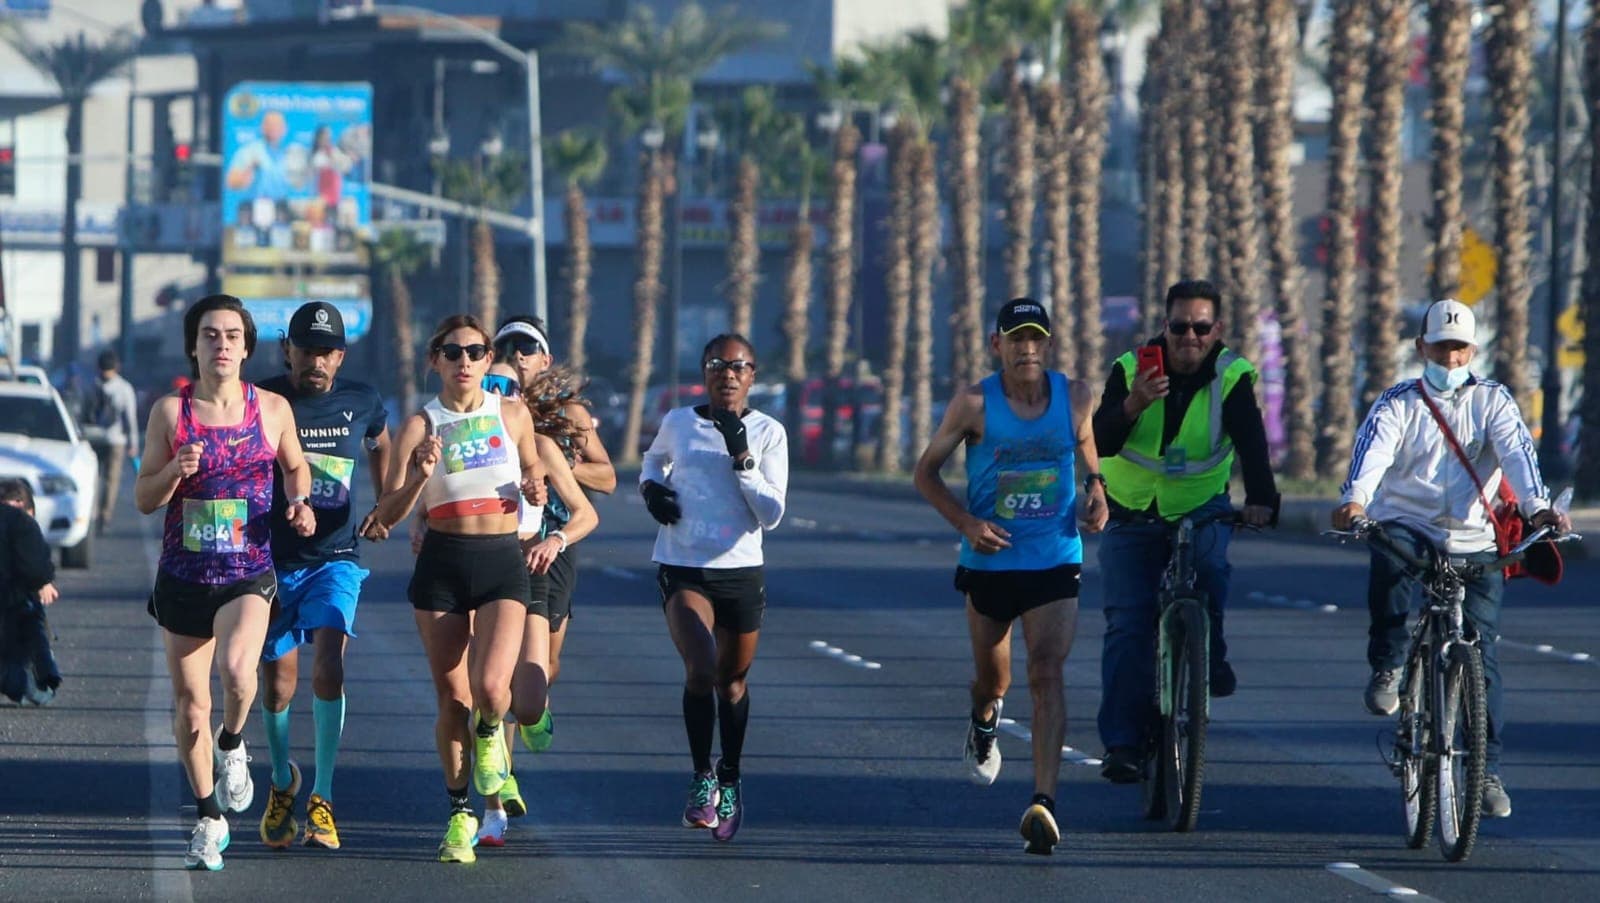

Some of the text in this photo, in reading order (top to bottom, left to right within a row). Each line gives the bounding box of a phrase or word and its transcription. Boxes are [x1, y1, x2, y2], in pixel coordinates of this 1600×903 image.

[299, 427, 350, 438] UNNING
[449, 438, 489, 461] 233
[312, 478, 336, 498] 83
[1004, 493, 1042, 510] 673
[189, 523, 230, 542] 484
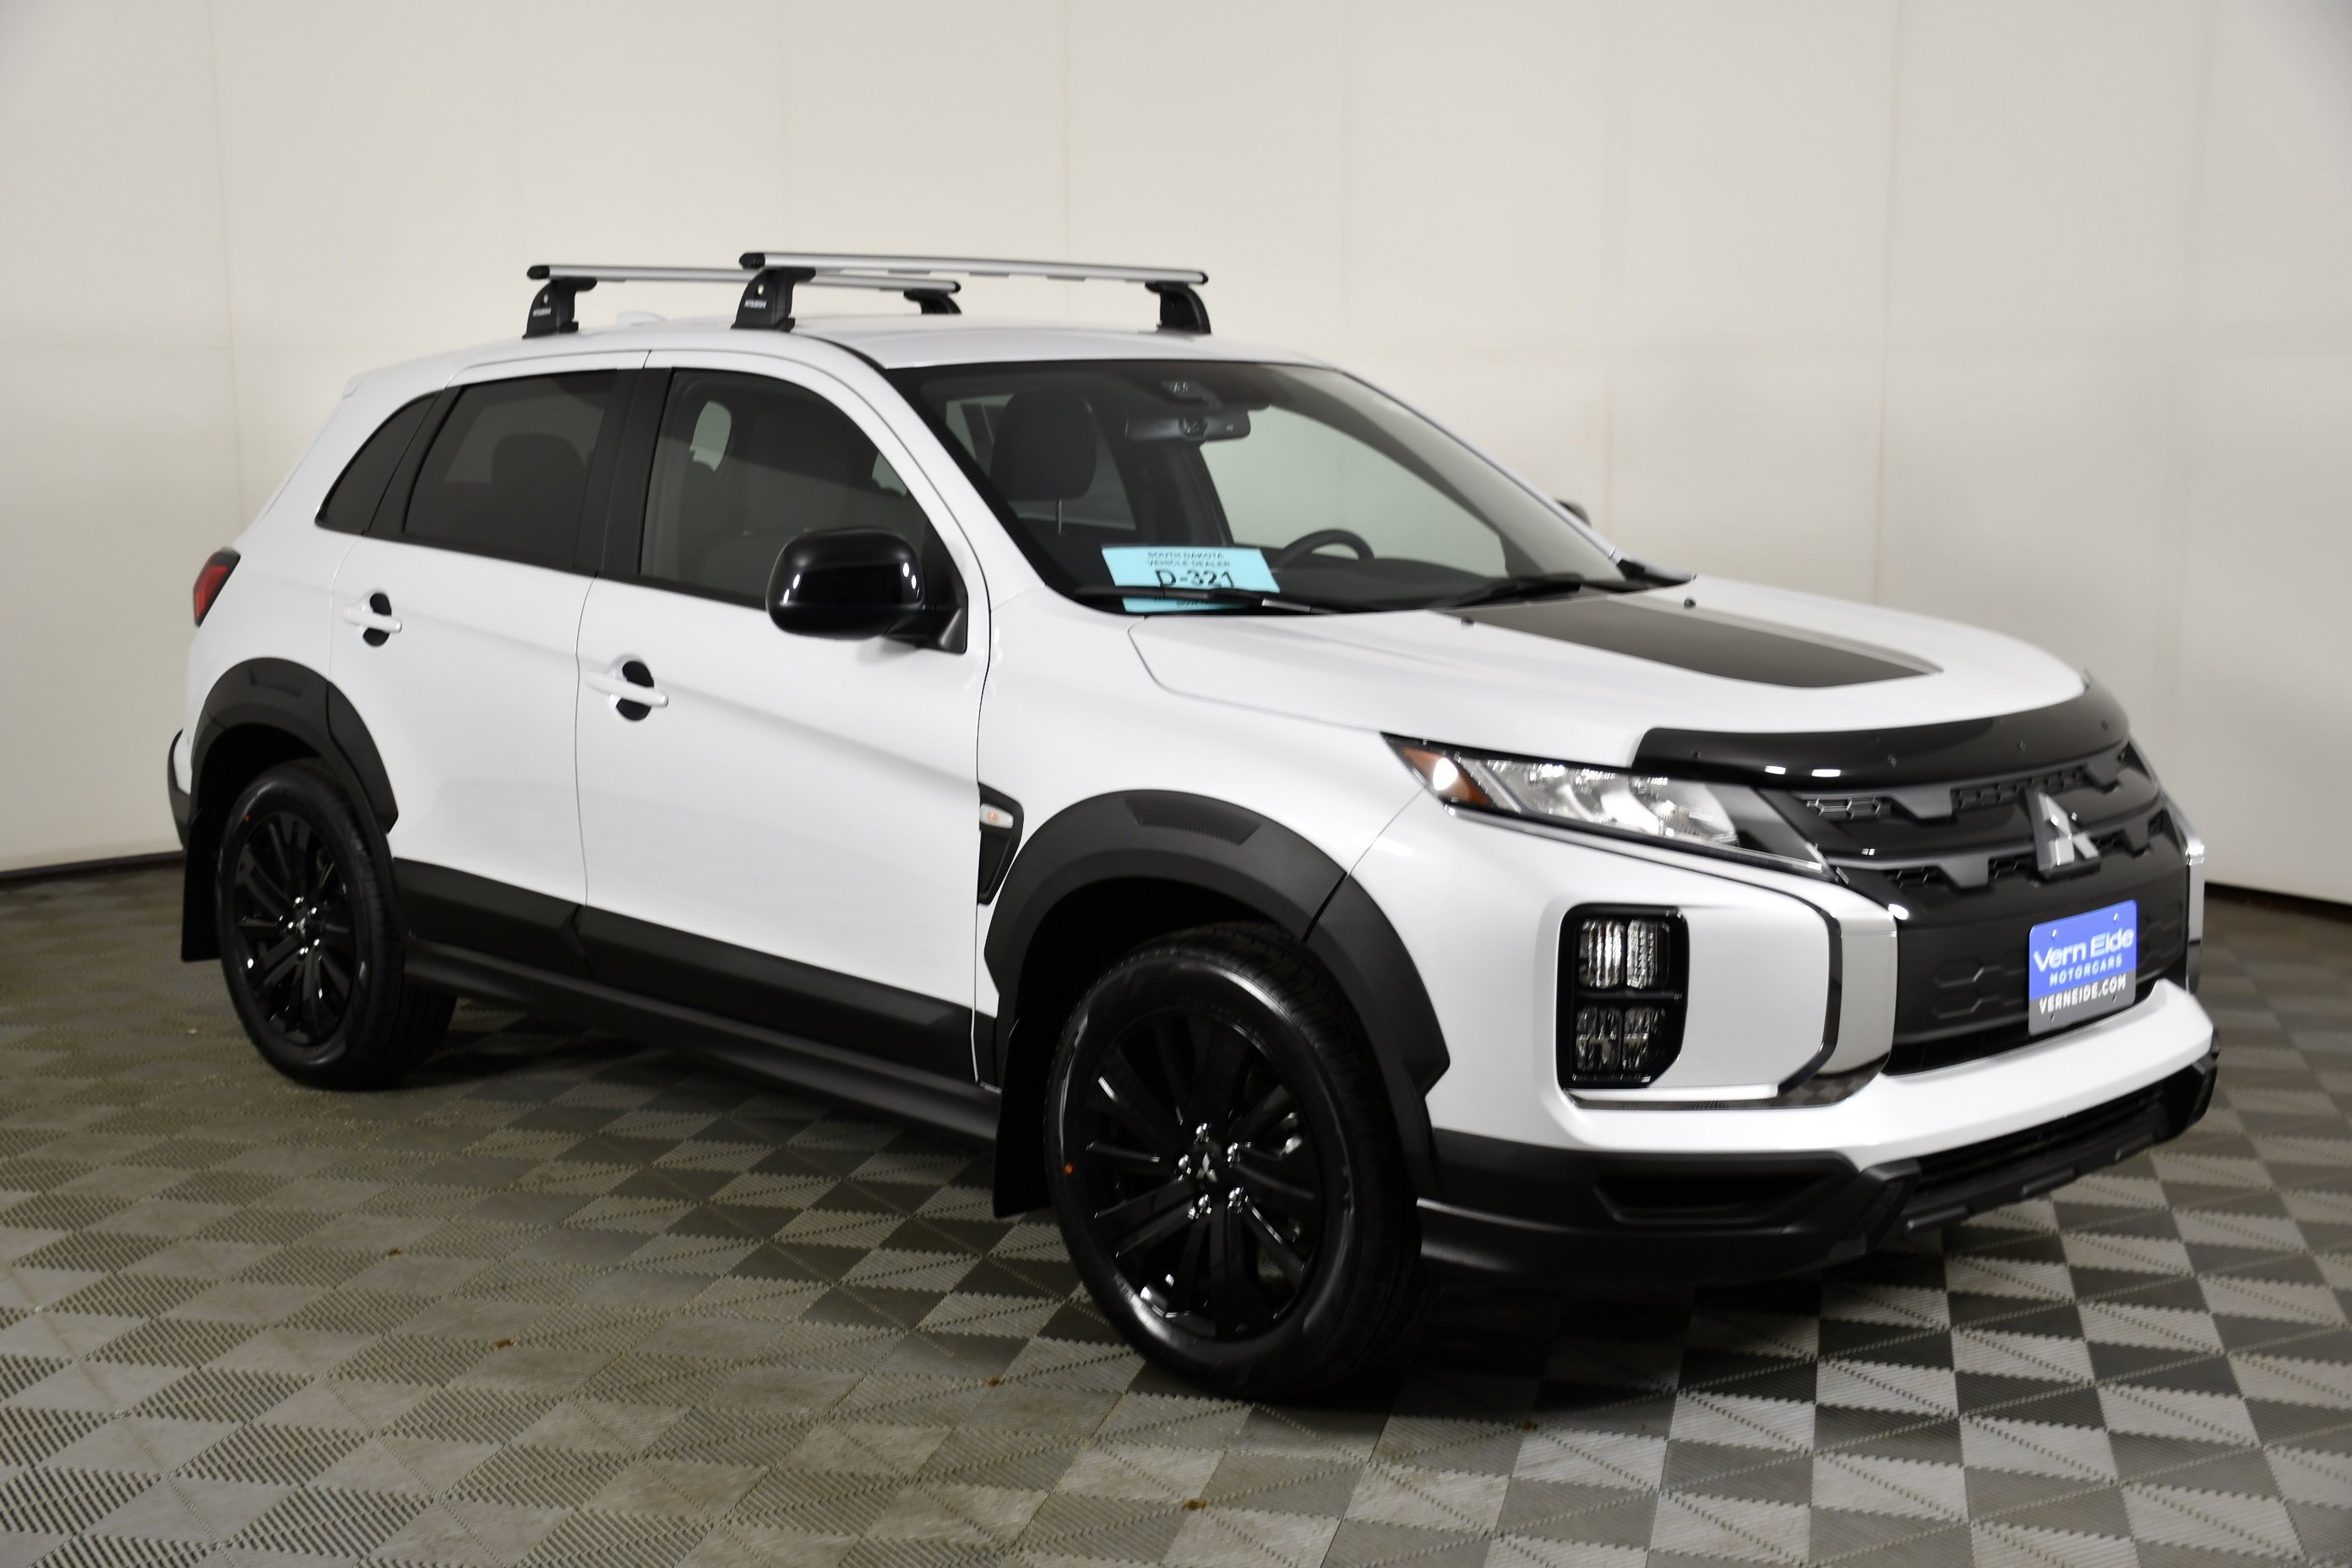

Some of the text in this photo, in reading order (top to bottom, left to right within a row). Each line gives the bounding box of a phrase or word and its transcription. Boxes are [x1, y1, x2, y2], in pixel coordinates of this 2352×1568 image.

────

Work item:
Return all of the entries exactly as written, but drop any pictures they hold.

Response to the exercise:
Some of the text in this photo, in reading order (top to bottom, left to right within a row). Each line gives the bounding box of a phrase or word and its transcription. Boxes are [x1, y1, x2, y2], in pixel coordinates of this 1600×903 image.

[299, 427, 350, 438] UNNING
[449, 438, 489, 461] 233
[312, 478, 336, 498] 83
[1004, 493, 1042, 510] 673
[189, 523, 230, 542] 484

Some of the text in this photo, in reading order (top to bottom, left to right within a row). Each line gives the bounding box of a phrase or word and its transcription. Boxes are [x1, y1, x2, y2], in pixel coordinates of this 2352×1568 image.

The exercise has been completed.